Open season bob skinner, p.5
Open Season (Bob Skinner),
p.5
‘Tell me about it, Mia,’ he sighed. ‘When she was in theatre those were the worst few hours of our lives. Her having such a rare blood group, that made it worse. Thank Christ, though, she’s making a complete recovery.’
‘That is such a relief. When it happened, so soon after Cameron’s death, I was as scared as you must have been. I’ve only ever had a baby in my life that one time, with Ignacio. It was a hard time for me, with one thing and another: that’s all the more reason why I intend to enjoy being a great-grandmother!’
Thirteen
‘Where’s Sauce?’
Arthur Dorward’s question, fired at her as he stepped out of the all-enveloping crime-scene tent, took Noele McClair by surprise. ‘He’s gone to speak to Mia McCullough,’ she replied, ‘to give her an update on what’s happening.’

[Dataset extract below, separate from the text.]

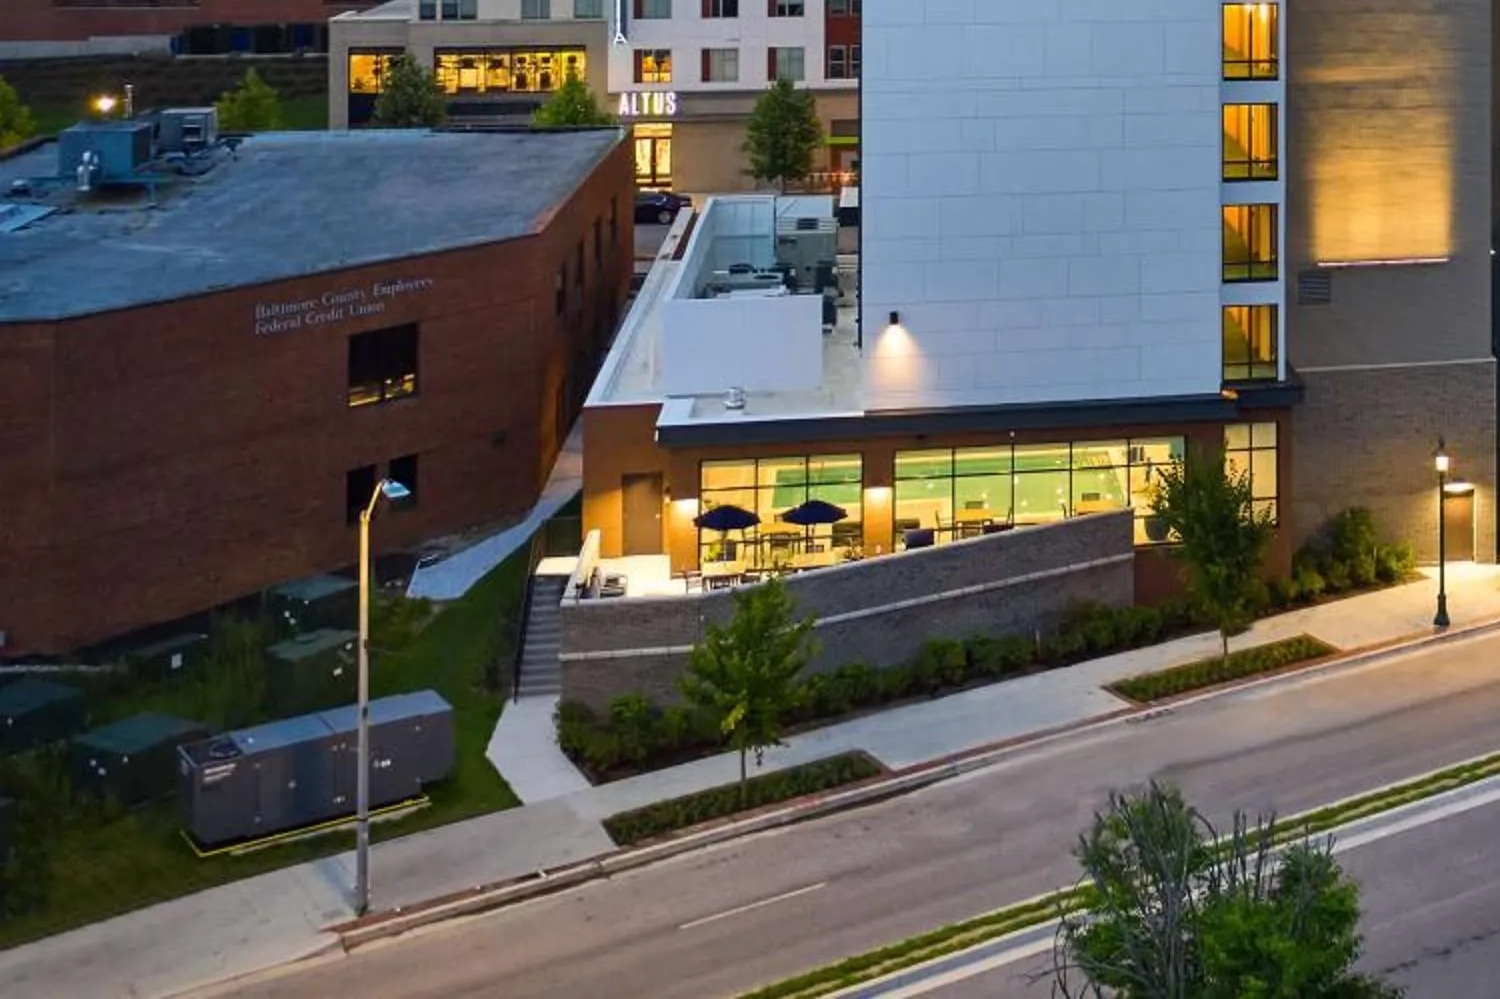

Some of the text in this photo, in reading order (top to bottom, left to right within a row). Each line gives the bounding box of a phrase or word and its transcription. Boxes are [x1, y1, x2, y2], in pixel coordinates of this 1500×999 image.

[619, 92, 677, 115] ALTUS
[255, 302, 386, 335] Federal Credit Union

‘Is he hoping she’ll be able to tell him who Mr Bones might be?’
‘No chance of that. From what I gather Mia’s a relative newcomer. She and Cameron McCullough were only married for a few years before he died.’
The scientist frowned. ‘McCullough?’ he repeated. ‘Is that not Sauce’s wife’s name?’
‘That’s right. Did nobody brief you on the ownership of the place?’
‘You must be joking,’ he laughed. ‘We just get told to get our arses to the scenes as fast as we can. What’s the connection?’
‘The original Cameron, the dead one,’ she smiled briefly, ‘he was Sauce’s wife’s grandfather. His widow runs the estate now.’
‘Where does Sauce’s mother-in-law fit in?’
‘She doesn’t.’ In an instant her good humour vanished, and her expression darkened. ‘Inez Davis is out of circulation, for a good few years.’
‘Inez Davis?’ he repeated. ‘Wasn’t she convicted as an accessory to a murder a wee while back? And wasn’t the guy that was shot . . .’
‘. . . my ex-husband? Yes, Arthur, he was.’
‘You’re telling me that a DCI’s mother-in-law is a lifer?’ Dorward exclaimed. ‘Why didn’t the red-tops have a field day with that?’
‘Because the connection was never made,’ McClair replied, ‘in court or anywhere else.’
‘Did you ever think about picking up the phone?’ he wondered.
‘And do that to Sauce? Never. He might have lost his career even before it started because of that woman. It wouldn’t harm him now, but he’s the best of men and no way does he deserve that sort of personal publicity. Nor does his wife,’ she added.
‘No, that’s true. Anyway,’ the scientist continued. ‘Since you’re the senior officer present, it’s you I should brief. We’ve finished extracting the skeleton and we’re ready to send it to wherever it’s going. Where is that, by the way? Dundee?’
‘No, Edinburgh. Professor Grace wants it since she was first on the scene.’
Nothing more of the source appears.